- WHAT THE EXERCISE ASKS
When duplicating the records beneath this instruction, omit every picture and keep all else exact.

- Annotated photo localization data
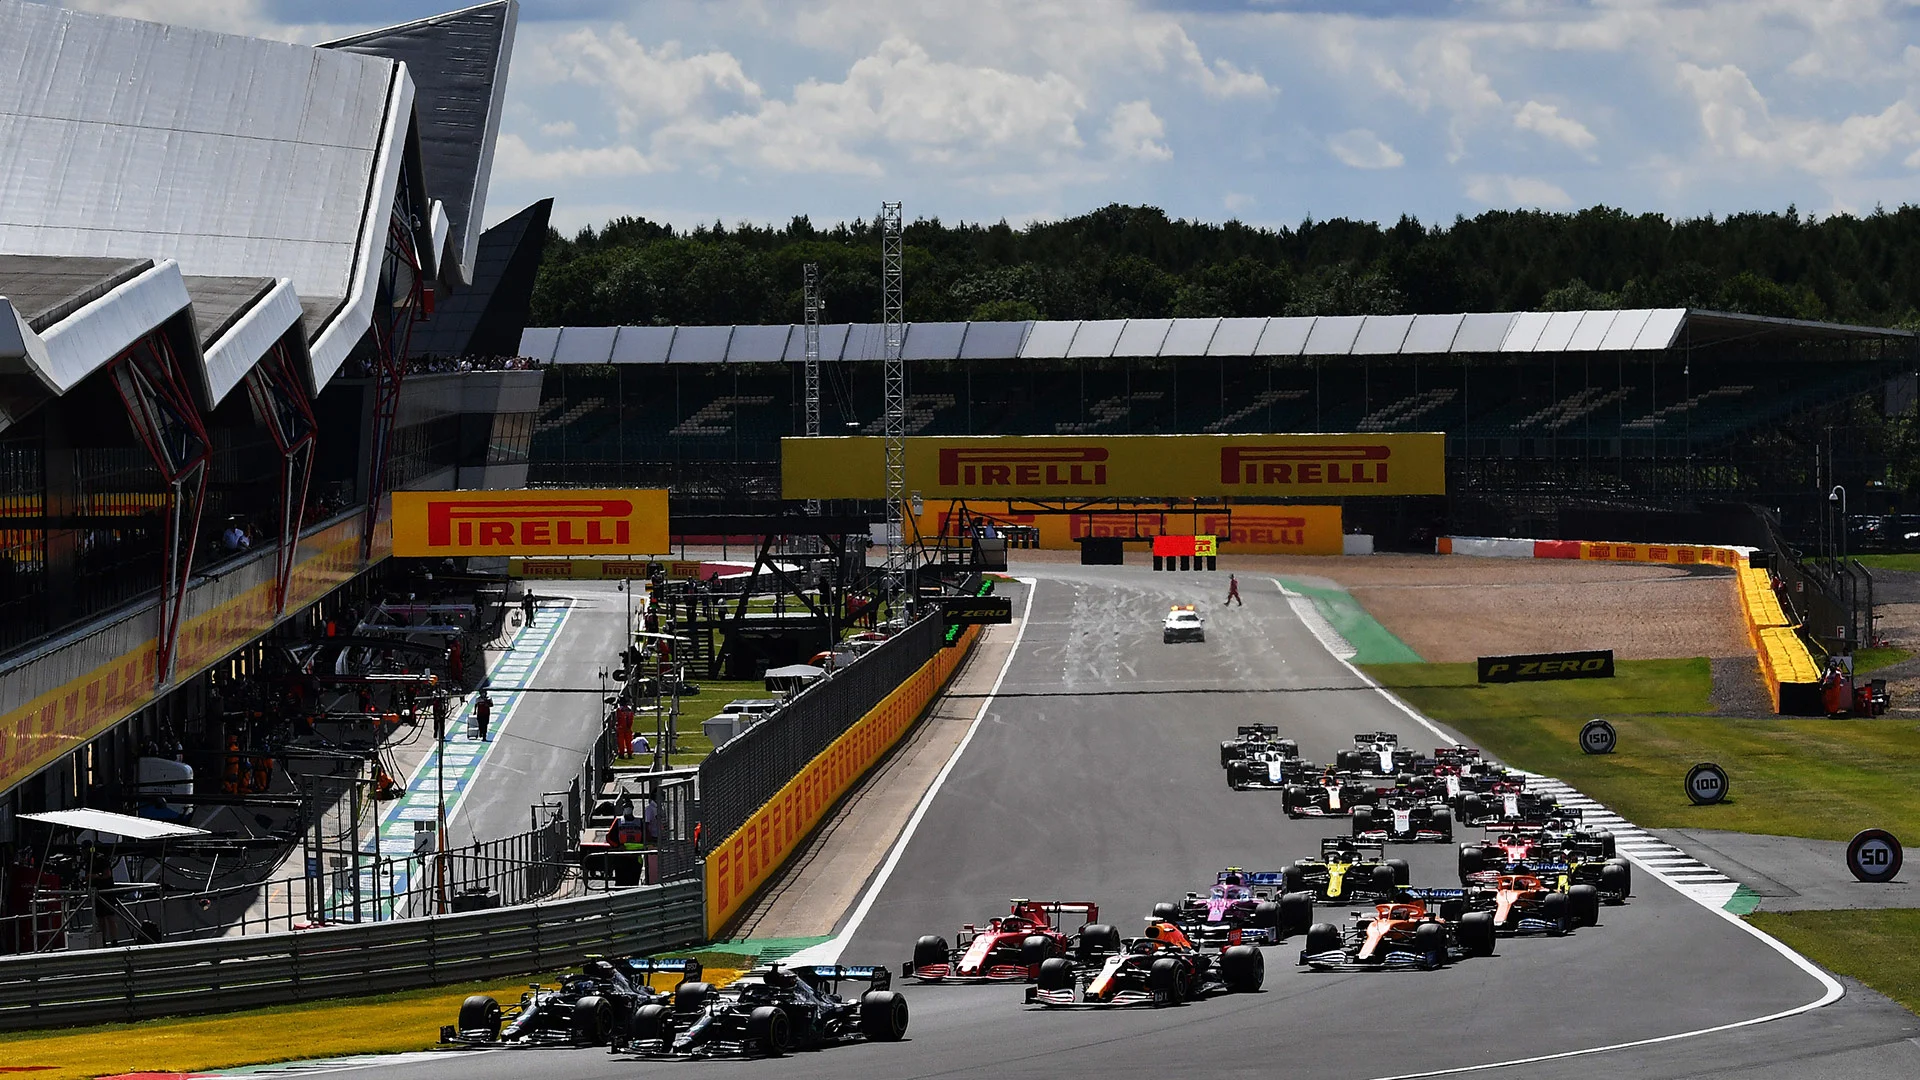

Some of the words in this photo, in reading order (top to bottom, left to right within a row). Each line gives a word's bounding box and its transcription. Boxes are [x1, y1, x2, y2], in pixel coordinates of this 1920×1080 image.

[939, 447, 1109, 485] PIRELLI
[1221, 445, 1391, 484] PIRELLI
[428, 500, 633, 546] PIRELLI
[523, 562, 572, 575] PIRELLI
[961, 609, 1008, 617] ZERO
[1487, 664, 1510, 677] P
[1516, 658, 1606, 676] ZERO
[1589, 733, 1608, 744] 150
[1696, 778, 1718, 790] 100
[1862, 849, 1887, 865] 50

- REPLY
Some of the words in this photo, in reading order (top to bottom, left to right within a row). Each line gives a word's bounding box and its transcription. Boxes are [x1, y1, x2, y2], in pixel coordinates of this 1920×1080 image.

[939, 447, 1109, 485] PIRELLI
[1221, 445, 1391, 484] PIRELLI
[428, 500, 633, 546] PIRELLI
[523, 562, 572, 575] PIRELLI
[961, 609, 1008, 617] ZERO
[1487, 664, 1510, 677] P
[1516, 658, 1606, 676] ZERO
[1589, 733, 1608, 744] 150
[1696, 778, 1718, 790] 100
[1862, 849, 1887, 865] 50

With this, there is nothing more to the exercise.